PROBLEM DETAILS:
A faithful copy of the entries is required, with no images in it.

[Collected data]
■ ■ ■ ■
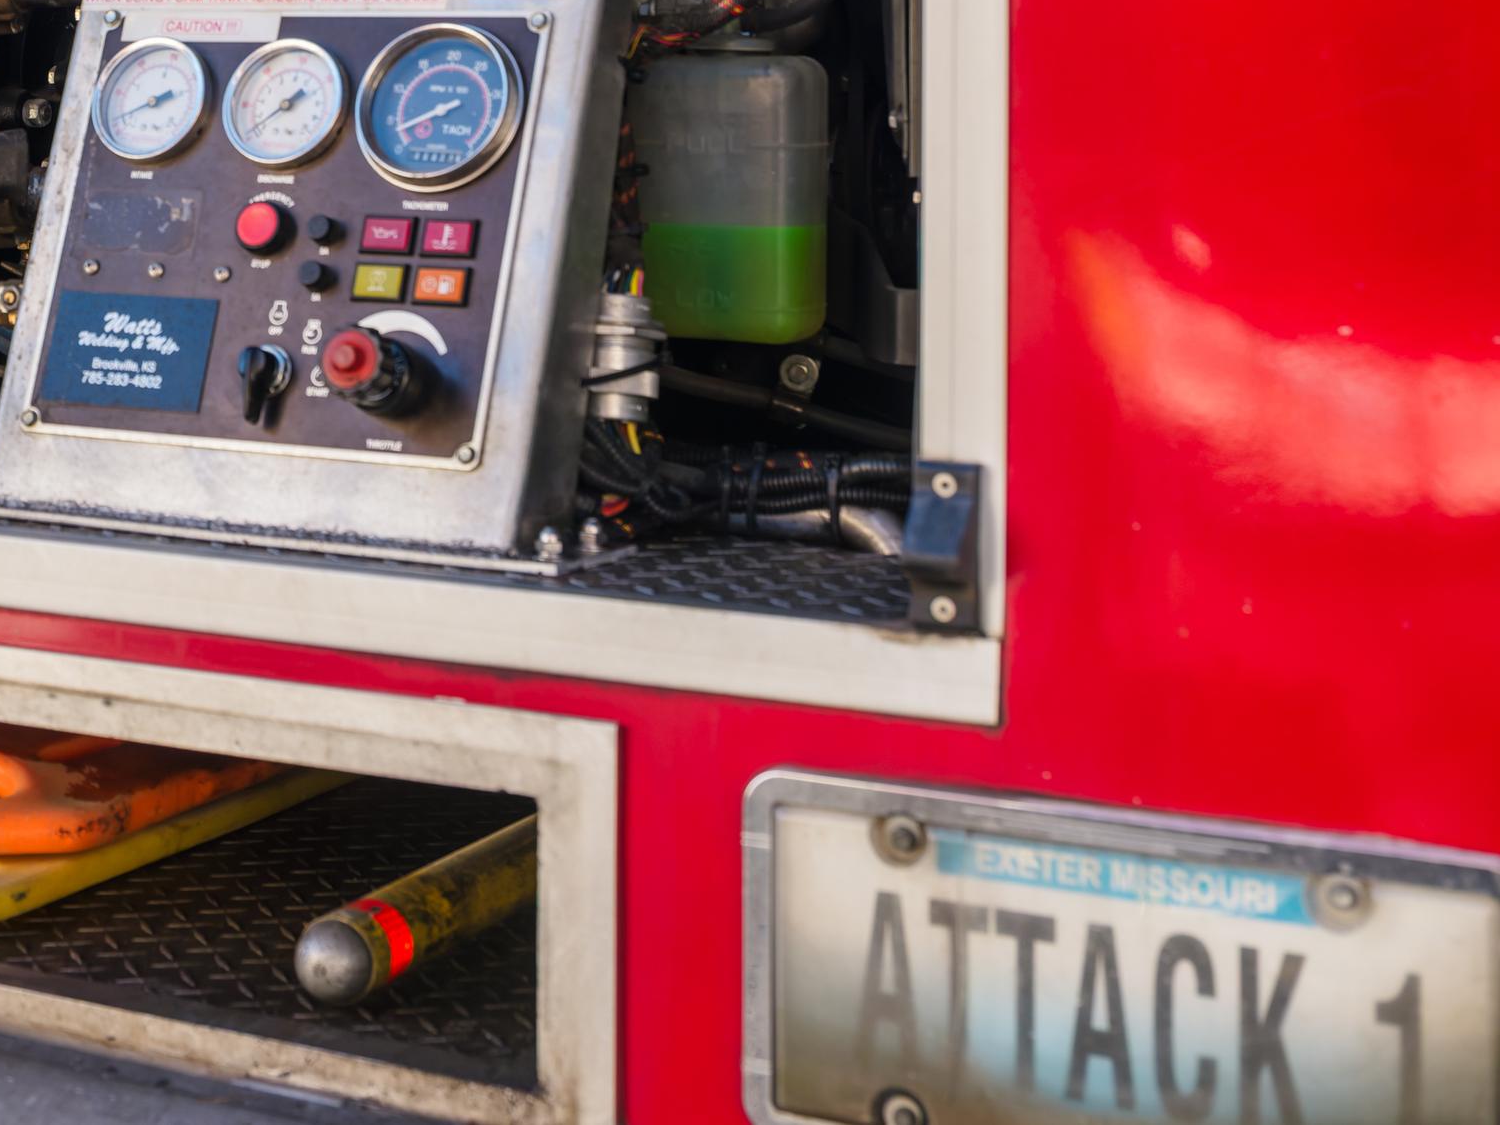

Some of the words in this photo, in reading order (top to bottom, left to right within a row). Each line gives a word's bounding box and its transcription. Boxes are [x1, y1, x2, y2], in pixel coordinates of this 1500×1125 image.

[165, 20, 223, 33] CAUTION
[446, 50, 462, 60] 20
[418, 59, 429, 69] 15
[474, 60, 489, 71] 25
[442, 124, 472, 136] TACH
[402, 201, 449, 212] TACHOMETER
[251, 259, 271, 269] STOP
[103, 311, 163, 336] Watts
[268, 326, 284, 336] OFF
[78, 330, 130, 353] Welding
[131, 335, 145, 350] &
[301, 345, 318, 356] RUN
[91, 356, 140, 373] Brookville,
[141, 360, 157, 373] KS
[306, 387, 330, 397] START
[366, 438, 403, 452] THROTTLE
[974, 841, 1107, 889] EXETER
[1108, 857, 1279, 914] MISSOURI
[857, 889, 1308, 1125] ATTACK
[1375, 971, 1423, 1125] 1
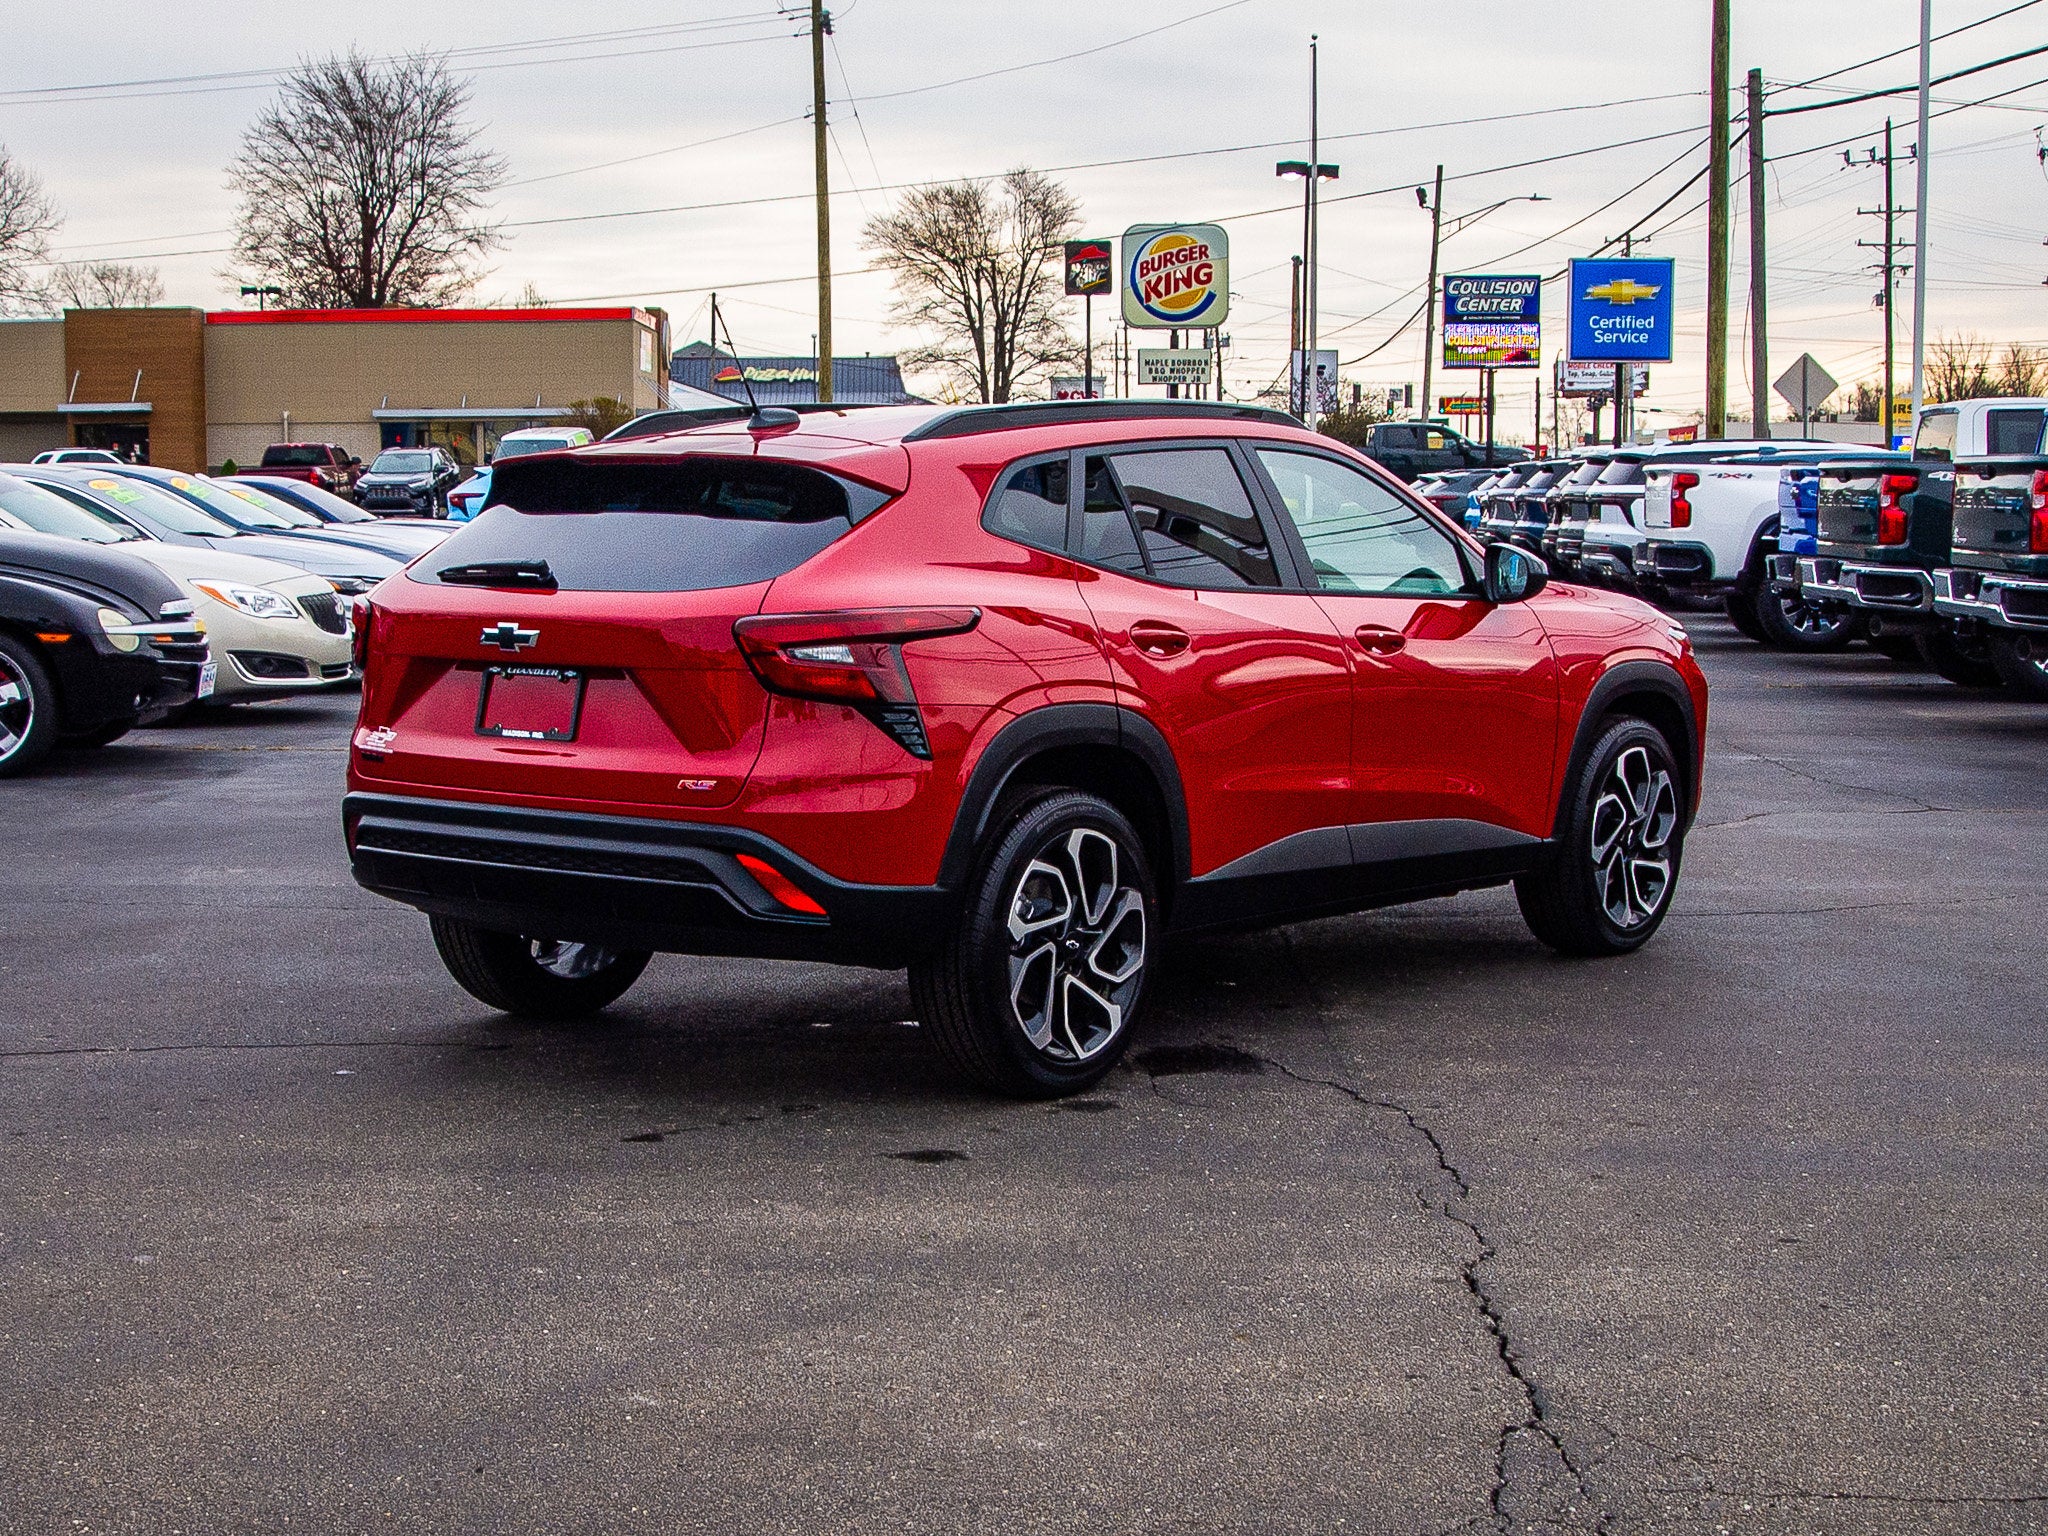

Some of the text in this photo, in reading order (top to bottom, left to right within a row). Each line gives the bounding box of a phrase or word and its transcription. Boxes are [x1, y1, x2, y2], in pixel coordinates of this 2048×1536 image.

[1139, 244, 1210, 279] BURGER
[1144, 262, 1213, 304] KING
[1448, 280, 1536, 295] COLLISION
[1456, 297, 1523, 312] CENTER
[1589, 315, 1655, 329] Certified
[1594, 329, 1649, 343] Service
[677, 779, 718, 791] RS
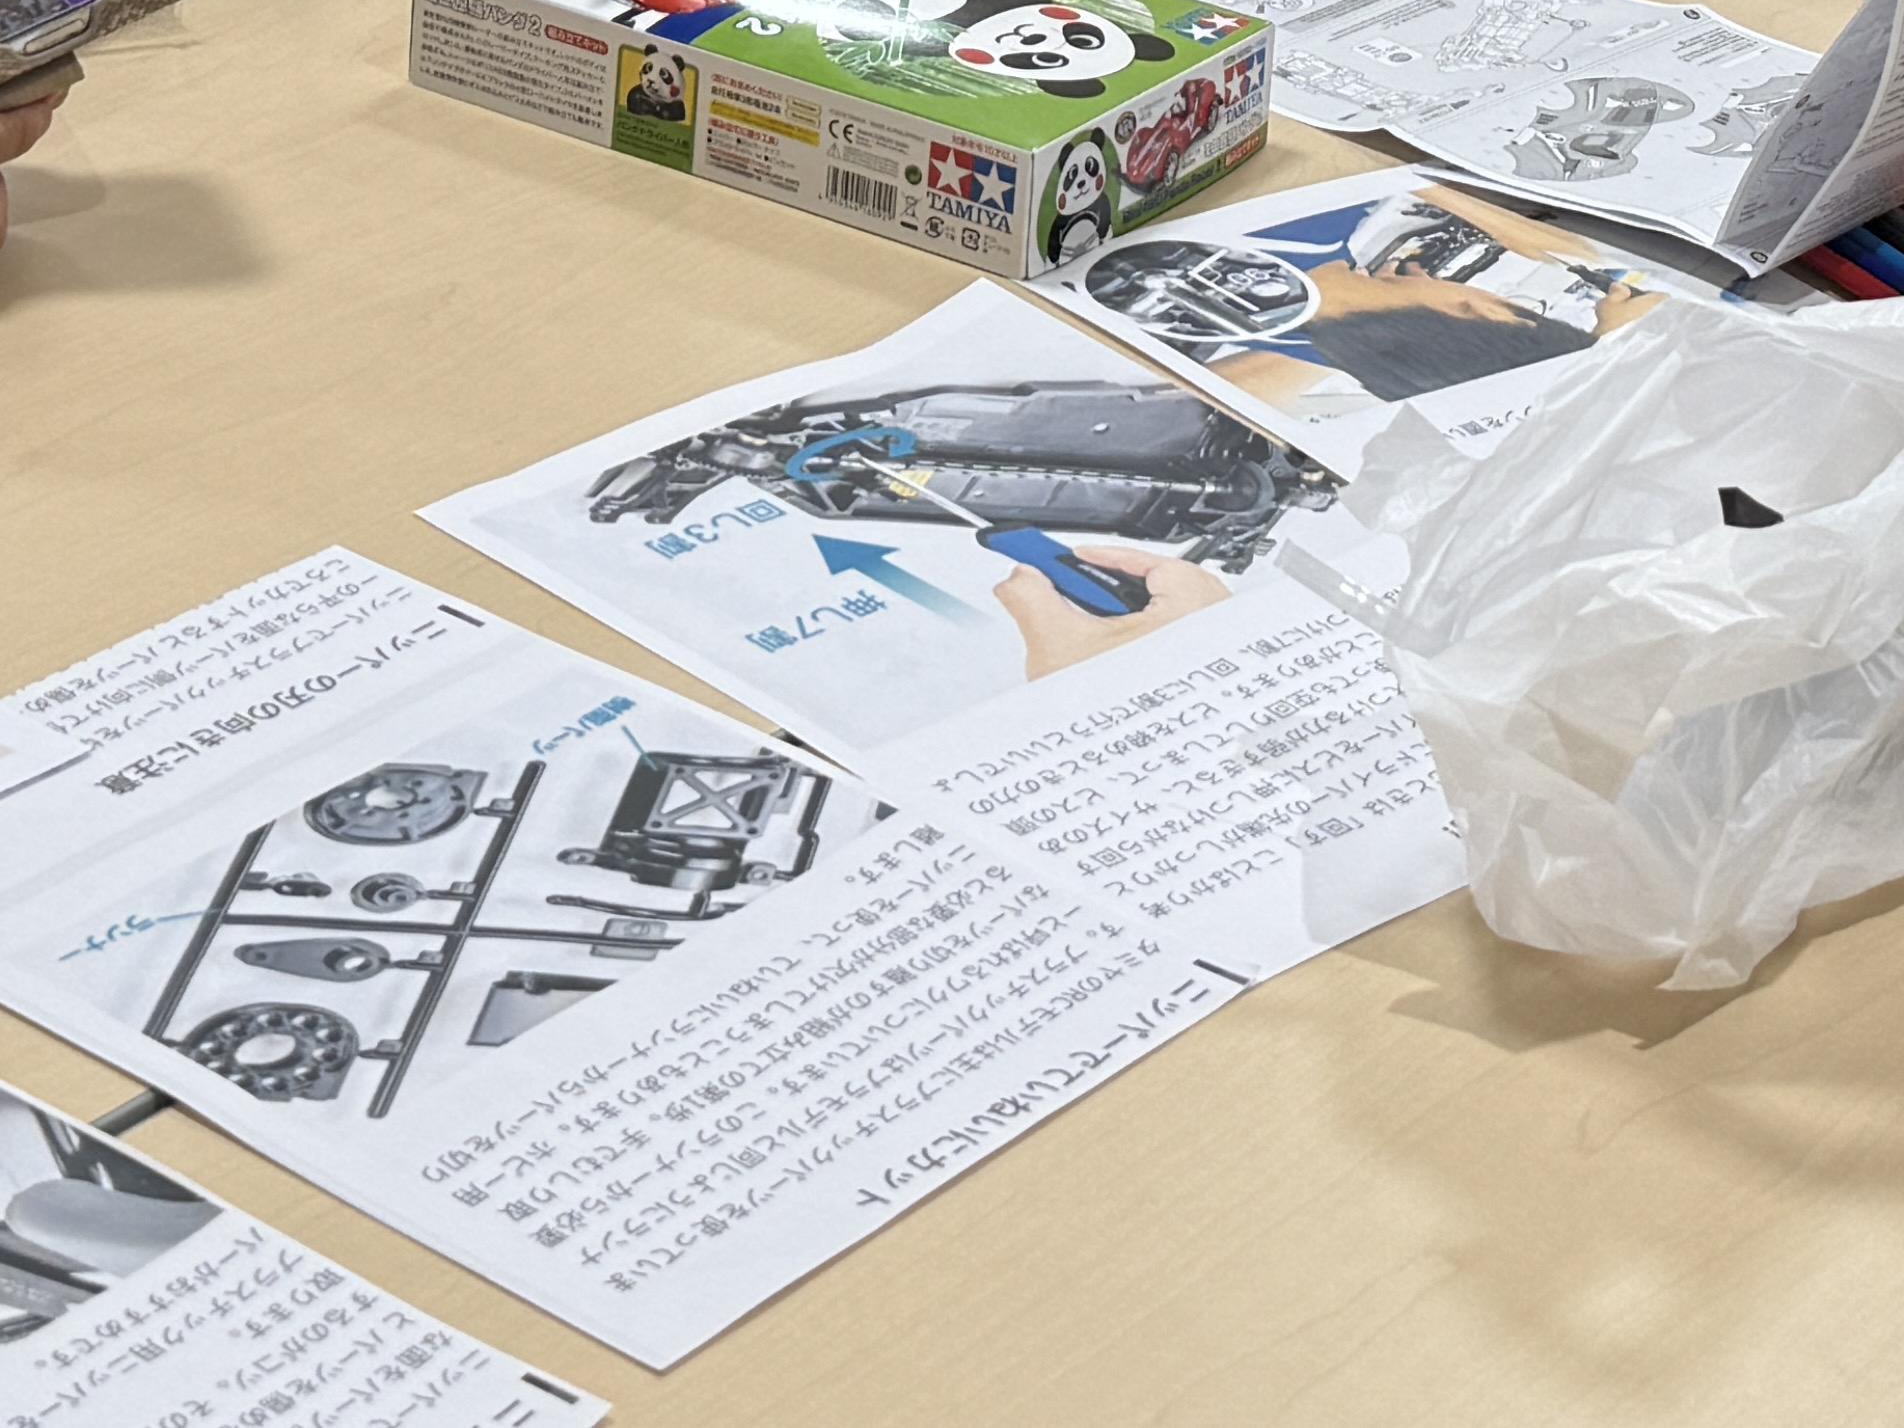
■ ■ ■ ■
RESULT OF THIS TASK:
Some of the words in this photo, in reading order (top to bottom, left to right within a row). Each line gives a word's bounding box and its transcription. Boxes are [x1, y1, x2, y2], in pixel coordinates of this 1500×1125 image.

[165, 20, 223, 33] CAUTION
[446, 50, 462, 60] 20
[418, 59, 429, 69] 15
[474, 60, 489, 71] 25
[442, 124, 472, 136] TACH
[402, 201, 449, 212] TACHOMETER
[251, 259, 271, 269] STOP
[103, 311, 163, 336] Watts
[268, 326, 284, 336] OFF
[78, 330, 130, 353] Welding
[131, 335, 145, 350] &
[301, 345, 318, 356] RUN
[91, 356, 140, 373] Brookville,
[141, 360, 157, 373] KS
[306, 387, 330, 397] START
[366, 438, 403, 452] THROTTLE
[974, 841, 1107, 889] EXETER
[1108, 857, 1279, 914] MISSOURI
[857, 889, 1308, 1125] ATTACK
[1375, 971, 1423, 1125] 1

Some of the text in this photo, in reading order (top to bottom, left to right within a row). Each line gives the bounding box of a phrase or word and its transcription. Boxes are [x1, y1, x2, y2], in pixel coordinates of this 2048×1536 image.

[1139, 244, 1210, 279] BURGER
[1144, 262, 1213, 304] KING
[1448, 280, 1536, 295] COLLISION
[1456, 297, 1523, 312] CENTER
[1589, 315, 1655, 329] Certified
[1594, 329, 1649, 343] Service
[677, 779, 718, 791] RS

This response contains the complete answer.